The memos, which are heavily redacted, show that FBI agents from across the country routinely caught up with Northwest Orient crew and staff to show them photographs. After serving a subpoena on one suspect in Bremerton, Washington, Kitsap County Sheriff's officers ruled him out because they 'did not think that he looked old enough to be the subject Norjack.' A man named Alvin Earle Cooper, meanwhile, was ruled out because his photograph was 'not identical with UNSUB in this case,' prompting no further investigation.
Plenty of suspects were eliminated simply because they were determined to not be in the Pacific Northwest at the time of the 1971 skyjacking. One suspect was in Los Angeles, another was a former bank robber who had called in sick to his Albuquerque place of employment for the two days following the hijacking, and another was incarcerated near Sacramento at the time of the incident on a narcotics charge.
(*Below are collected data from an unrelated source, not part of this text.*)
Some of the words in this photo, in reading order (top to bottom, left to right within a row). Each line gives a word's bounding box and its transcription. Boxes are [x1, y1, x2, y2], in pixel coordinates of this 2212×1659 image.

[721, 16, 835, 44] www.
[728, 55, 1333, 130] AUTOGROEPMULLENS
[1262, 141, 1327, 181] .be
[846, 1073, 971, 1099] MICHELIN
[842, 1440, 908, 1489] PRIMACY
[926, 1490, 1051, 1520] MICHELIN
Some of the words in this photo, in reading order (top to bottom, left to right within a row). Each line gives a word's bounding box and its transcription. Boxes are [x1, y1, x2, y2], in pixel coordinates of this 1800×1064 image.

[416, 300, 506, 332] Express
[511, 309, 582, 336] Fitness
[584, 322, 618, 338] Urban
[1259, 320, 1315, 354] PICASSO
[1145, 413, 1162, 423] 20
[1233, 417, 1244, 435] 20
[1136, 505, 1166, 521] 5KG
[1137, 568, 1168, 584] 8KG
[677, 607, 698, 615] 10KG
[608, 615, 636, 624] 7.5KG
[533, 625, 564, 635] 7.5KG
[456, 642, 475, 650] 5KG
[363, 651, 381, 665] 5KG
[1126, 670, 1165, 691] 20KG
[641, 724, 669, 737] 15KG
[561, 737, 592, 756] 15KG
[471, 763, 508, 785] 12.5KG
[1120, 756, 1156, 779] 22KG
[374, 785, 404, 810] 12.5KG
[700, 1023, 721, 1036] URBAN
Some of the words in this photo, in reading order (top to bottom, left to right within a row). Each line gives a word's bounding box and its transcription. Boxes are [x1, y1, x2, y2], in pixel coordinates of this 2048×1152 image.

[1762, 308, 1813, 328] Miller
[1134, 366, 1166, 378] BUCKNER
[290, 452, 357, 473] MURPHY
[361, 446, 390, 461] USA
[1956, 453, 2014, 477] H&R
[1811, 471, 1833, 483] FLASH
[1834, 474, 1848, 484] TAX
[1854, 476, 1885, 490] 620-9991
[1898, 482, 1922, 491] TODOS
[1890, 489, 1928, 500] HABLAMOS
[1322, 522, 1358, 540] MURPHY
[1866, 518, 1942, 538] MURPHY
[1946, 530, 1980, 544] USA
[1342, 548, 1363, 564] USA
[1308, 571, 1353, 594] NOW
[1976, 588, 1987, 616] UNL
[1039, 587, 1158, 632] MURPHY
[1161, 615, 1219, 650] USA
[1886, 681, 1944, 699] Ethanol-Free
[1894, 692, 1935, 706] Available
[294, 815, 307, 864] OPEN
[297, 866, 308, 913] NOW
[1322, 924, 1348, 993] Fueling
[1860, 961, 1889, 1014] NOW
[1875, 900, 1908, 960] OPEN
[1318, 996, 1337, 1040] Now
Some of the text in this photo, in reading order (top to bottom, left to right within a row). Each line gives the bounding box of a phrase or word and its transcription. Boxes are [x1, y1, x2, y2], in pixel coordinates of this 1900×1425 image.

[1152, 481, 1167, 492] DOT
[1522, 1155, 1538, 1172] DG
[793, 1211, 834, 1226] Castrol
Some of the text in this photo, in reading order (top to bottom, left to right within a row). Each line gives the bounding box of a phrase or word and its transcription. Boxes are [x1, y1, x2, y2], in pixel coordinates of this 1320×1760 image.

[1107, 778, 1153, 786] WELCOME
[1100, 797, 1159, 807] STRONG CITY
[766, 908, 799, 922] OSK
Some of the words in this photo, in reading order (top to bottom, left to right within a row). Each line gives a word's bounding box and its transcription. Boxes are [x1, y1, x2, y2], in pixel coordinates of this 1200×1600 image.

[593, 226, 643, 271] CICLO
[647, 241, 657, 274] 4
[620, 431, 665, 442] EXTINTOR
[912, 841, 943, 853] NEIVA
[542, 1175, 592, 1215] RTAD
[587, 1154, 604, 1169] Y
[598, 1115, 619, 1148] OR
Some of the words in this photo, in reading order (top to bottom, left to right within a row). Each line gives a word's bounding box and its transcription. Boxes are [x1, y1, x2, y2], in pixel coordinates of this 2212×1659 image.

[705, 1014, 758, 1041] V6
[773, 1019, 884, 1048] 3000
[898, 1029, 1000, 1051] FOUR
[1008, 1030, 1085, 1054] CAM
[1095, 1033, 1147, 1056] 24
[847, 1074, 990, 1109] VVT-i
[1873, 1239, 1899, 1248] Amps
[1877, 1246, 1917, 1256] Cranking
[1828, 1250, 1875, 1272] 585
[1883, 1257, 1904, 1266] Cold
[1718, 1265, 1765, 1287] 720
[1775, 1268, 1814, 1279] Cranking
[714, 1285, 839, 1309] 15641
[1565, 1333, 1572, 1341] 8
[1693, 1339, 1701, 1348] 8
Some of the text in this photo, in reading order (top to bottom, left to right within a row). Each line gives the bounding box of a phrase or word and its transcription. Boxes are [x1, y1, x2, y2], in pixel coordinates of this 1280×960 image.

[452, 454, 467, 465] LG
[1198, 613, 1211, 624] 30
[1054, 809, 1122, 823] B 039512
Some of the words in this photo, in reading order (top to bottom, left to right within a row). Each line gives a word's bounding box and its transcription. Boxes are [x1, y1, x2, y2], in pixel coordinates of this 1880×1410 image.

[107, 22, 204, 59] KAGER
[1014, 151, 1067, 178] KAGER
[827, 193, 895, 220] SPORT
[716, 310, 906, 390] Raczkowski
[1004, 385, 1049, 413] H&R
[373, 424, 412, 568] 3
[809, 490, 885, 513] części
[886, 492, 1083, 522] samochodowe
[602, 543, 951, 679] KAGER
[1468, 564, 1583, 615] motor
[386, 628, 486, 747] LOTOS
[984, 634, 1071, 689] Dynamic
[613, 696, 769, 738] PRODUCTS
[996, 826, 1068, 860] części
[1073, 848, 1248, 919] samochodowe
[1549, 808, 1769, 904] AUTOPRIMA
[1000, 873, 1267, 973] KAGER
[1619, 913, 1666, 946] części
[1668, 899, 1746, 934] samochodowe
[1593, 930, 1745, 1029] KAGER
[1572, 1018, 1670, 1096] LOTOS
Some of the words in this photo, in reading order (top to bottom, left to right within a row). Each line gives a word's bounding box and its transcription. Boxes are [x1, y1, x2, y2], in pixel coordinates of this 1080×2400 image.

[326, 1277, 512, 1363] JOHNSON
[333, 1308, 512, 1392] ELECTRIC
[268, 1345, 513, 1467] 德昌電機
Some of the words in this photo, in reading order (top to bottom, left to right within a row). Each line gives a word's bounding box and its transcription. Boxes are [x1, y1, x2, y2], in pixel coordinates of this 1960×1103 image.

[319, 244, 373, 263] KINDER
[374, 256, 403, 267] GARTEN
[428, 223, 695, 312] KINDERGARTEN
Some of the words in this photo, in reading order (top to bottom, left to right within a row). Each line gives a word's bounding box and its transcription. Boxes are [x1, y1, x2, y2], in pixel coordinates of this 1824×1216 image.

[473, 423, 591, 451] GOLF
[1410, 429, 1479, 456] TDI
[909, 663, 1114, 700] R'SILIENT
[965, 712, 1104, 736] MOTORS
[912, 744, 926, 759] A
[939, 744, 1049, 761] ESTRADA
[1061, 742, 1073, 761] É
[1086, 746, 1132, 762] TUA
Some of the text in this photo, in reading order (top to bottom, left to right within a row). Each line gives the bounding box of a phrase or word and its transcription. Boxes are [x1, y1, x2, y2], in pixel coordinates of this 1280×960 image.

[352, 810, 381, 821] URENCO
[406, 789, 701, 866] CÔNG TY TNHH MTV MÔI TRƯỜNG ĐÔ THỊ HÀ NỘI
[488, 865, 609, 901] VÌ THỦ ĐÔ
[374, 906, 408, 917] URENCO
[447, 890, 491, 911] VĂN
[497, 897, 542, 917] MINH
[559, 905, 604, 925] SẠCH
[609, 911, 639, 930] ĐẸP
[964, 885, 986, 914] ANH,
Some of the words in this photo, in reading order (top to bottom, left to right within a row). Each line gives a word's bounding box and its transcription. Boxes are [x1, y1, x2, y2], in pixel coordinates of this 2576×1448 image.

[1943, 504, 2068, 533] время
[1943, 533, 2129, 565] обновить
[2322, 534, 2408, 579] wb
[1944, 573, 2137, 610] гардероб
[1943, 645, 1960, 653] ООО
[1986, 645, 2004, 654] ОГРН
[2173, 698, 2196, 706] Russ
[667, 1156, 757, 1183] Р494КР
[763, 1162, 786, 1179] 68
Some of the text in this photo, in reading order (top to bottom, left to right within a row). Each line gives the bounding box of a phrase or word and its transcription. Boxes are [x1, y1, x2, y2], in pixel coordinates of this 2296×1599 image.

The FBI investigated a Pittsburgh suspect with ties to the Portland area because an acquaintance said that following the hijacking, the man walked with a noticeable limp due to a sprained ankle, and had both wrists. While he fit the description of the UNSUB, the Bureau ultimately ruled him out.
The FBI was also especially interested in suspects with links to aviation and parachutes. The Bureau spent pages of memos especially discussing Seattle-area pilot Jay Whiteford, who was turned down for an aerial photography business loan, and Charles Whittaker, who was known to have taken skydiving school in San Diego. Both were ultimately ruled out.
The FBI sent letters and memos to banks and financial institutions asking them to immediately 'report any suspicious or unusual financial transactions concerning twenty-dollar federal reserve notes.'
And in a fun Easter egg, one of the 472 newly declassified pages contains a single letter sent from FBI Director J. Edgar Hoover to Washington Senator Henry Jackson thanking him for his letter with (redacted) suggestions on the Cooper case.
While the FBI officially redirected resources that were previously allocated to the D.B. Cooper case to other investigative priorities in 2016, recent investigations have come from a network of sleuths enamored with the case, including a potential lost parachute and the search for DNA clues that could have been left on Cooper's tie.